### WORK TO COMPLETE
Retype the entries exactly, but skip the pictures.

^^^^

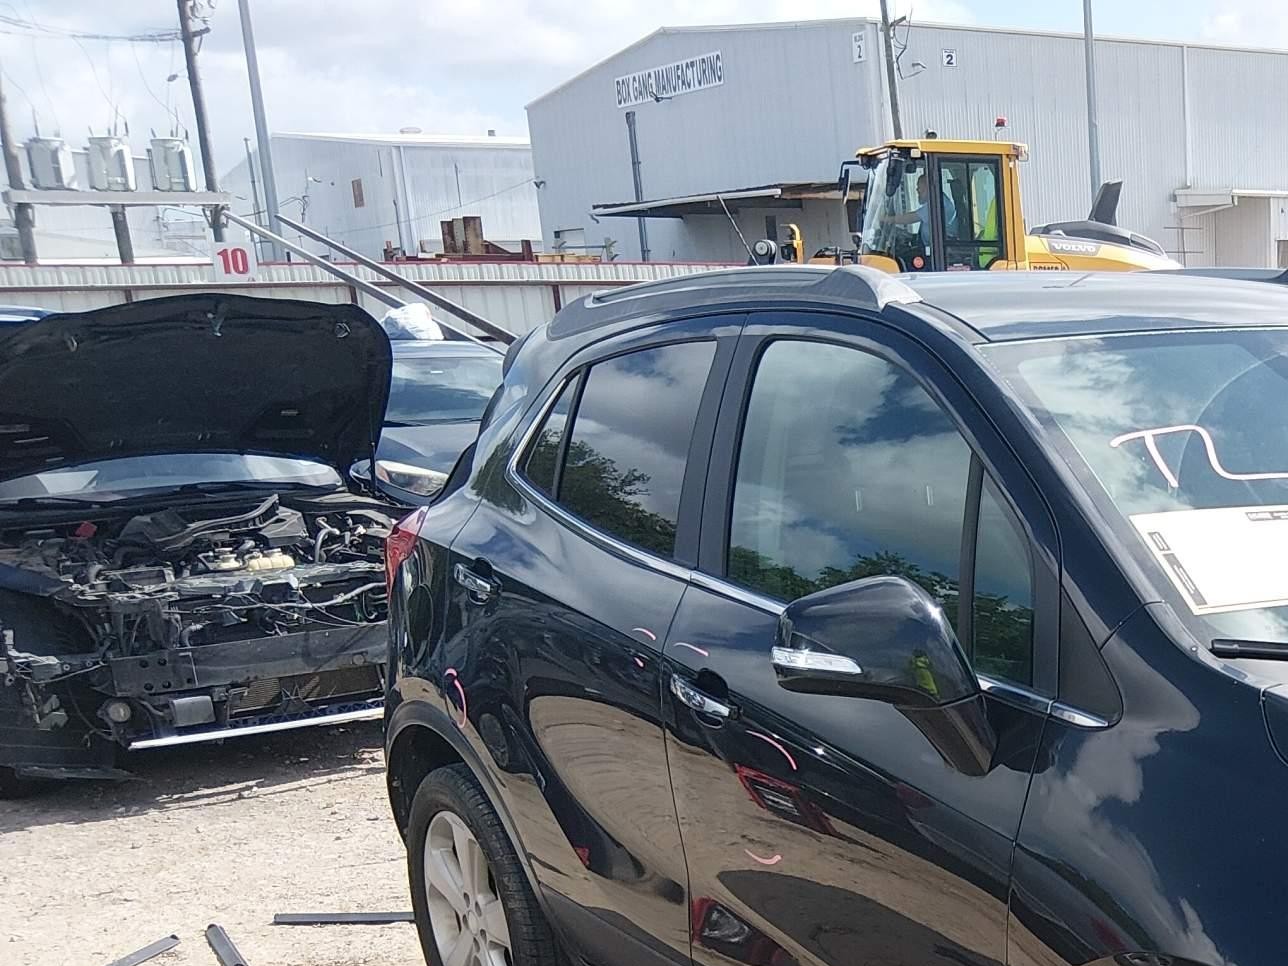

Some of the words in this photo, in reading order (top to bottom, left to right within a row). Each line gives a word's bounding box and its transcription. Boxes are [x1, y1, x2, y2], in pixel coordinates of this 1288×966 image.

[945, 53, 954, 65] 2
[616, 77, 632, 105] BOX
[632, 72, 654, 102] GANG
[654, 54, 722, 96] MANUFACTURING
[1052, 243, 1097, 252] VOLVO
[217, 248, 249, 275] 10

^^^^

### PROBLEM SOLUTION
Some of the words in this photo, in reading order (top to bottom, left to right within a row). Each line gives a word's bounding box and its transcription. Boxes are [x1, y1, x2, y2], in pixel coordinates of this 1288×966 image.

[945, 53, 954, 65] 2
[616, 77, 632, 105] BOX
[632, 72, 654, 102] GANG
[654, 54, 722, 96] MANUFACTURING
[1052, 243, 1097, 252] VOLVO
[217, 248, 249, 275] 10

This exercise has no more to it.